A team of researchers at the IDIBELL (Bellvitge Biomedical Research Institute of Barcelona, Spain), have become the first to describe the DNA methylation of Ewing sarcoma cells. In doing so, this research has identified a protein, known as PTRF, which appears to be a promising treatment option for Ewing sarcoma patients in the future.

What is DNA Methylation?

DNA methylation is a complex process which modifies the DNA in order to control gene expression. The modifications this methylation process create result in certain genes being turned on or turned off. Controlling which genes are turned on or off allows the activation, or perhaps blocking, of certain characteristics and functions a cell may have. Therefore, the DNA methylation process may trigger certain cell processes that lead to the development of diseases, such as cancer, as the characteristics and functioning of the cell becomes abnormal.

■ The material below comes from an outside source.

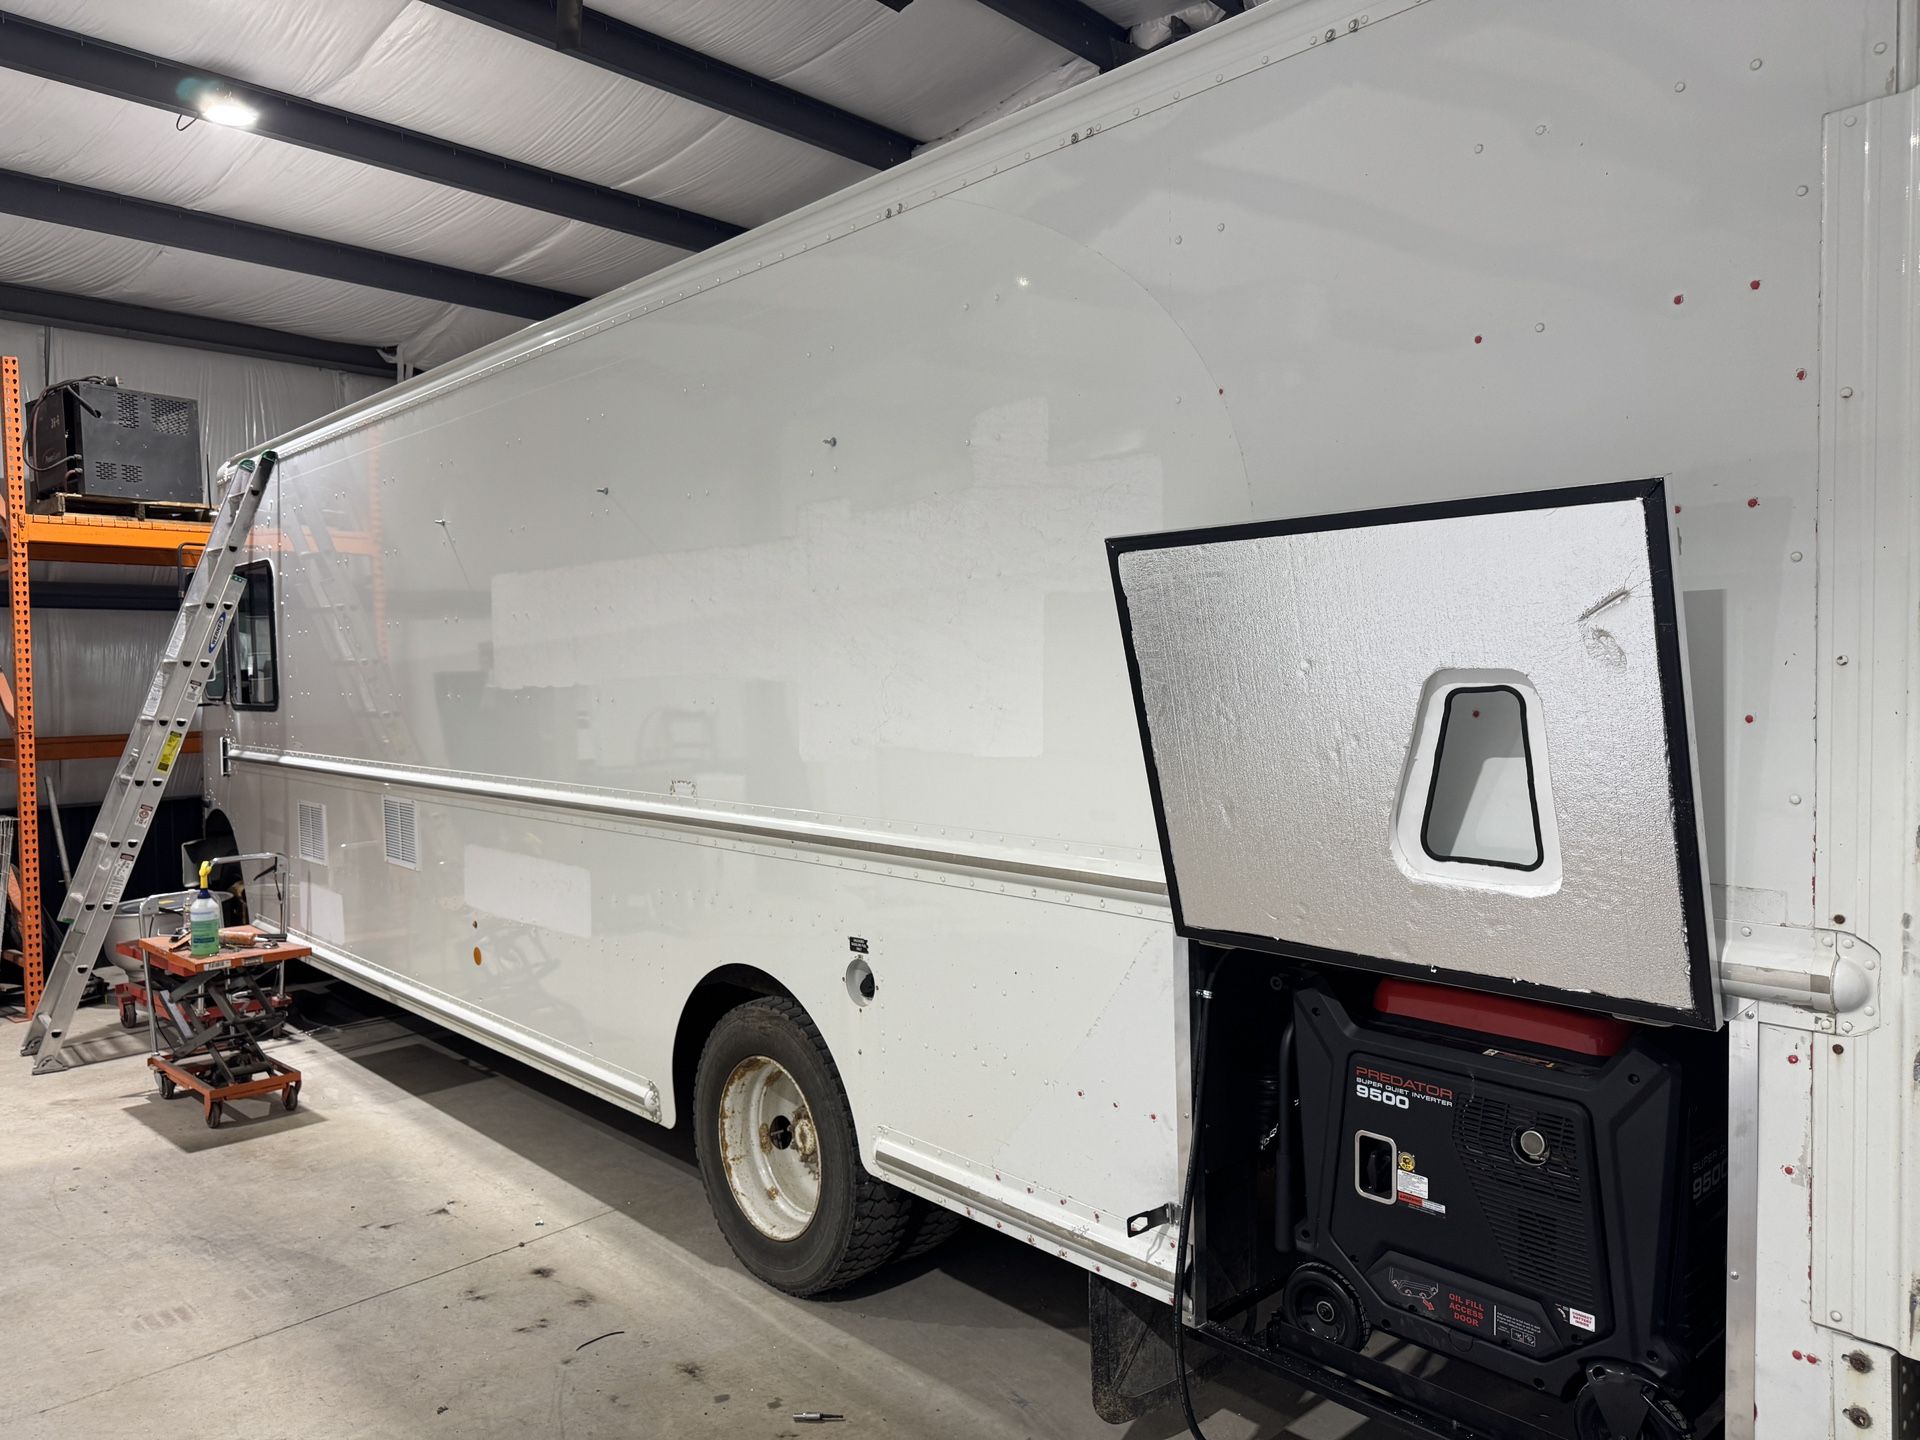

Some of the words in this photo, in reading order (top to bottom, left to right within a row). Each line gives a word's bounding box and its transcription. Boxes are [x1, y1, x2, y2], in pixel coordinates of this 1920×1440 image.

How does this relate to Ewing sarcoma?

Identifying DNA methylation is an exciting research area in many diseases, and particularly in cancer. Dr Martinez-Tirado and the sarcoma research group at IDIBELL are the first to successfully investigate this process in Ewing sarcoma cells, and the results have been very beneficial. One gene affected by DNA methylation that caught the attention of the research team was a protein that influences the production of PTRF.

PTRF is a protein linked to the formation of a cell structure known as caveolae - which are very small pouches on the surface of the cells outer layer. Caveolae are involved in controlling cell processes; such as the entry of molecules into the cell and cell signalling pathways. Normal, healthy, cells are seen to present with this caveolae structure. However, this research concluded that Ewing sarcoma cells do not have caveolae, or express PTRF, which affects the cell-signalling processes taking place in these cancerous cells.

What does this research finding mean for patients?

Further analysis of patient samples led the research team to discover an expression of PTRF and caveolae to relate to a better patient survival. This suggests that identifying PTRF may be a predictor of individual patients’ outlook and survival aspects. Furthermore, re-introducing PTRF into Ewing sarcoma cells instigates the formation of the caveolae and allows cell signalling processes to be triggered.

This research found that the introduction of PTRF, and therefore caveolae, activated the signalling pathway of p53 – a well-known tumour suppressor which activates the process of cell death. Therefore, if PTRF can trigger this tumour suppressor in Ewing sarcoma cells, introducing PTRF promises to be a potential therapeutic option in patients due to its ability to destroy these cancerous cells.

This research is in the very early stages and there are many aspects to consider in regard to the gene expression of individual patients for this possible therapeutic measure to be successful. Therefore, this therapy will be investigated as a potential ‘personalised therapy’; a treatment that is used following the examination of the individual patients gene expression and specific information about their tumour before determining if such as treatment would be successful and beneficial to that patient.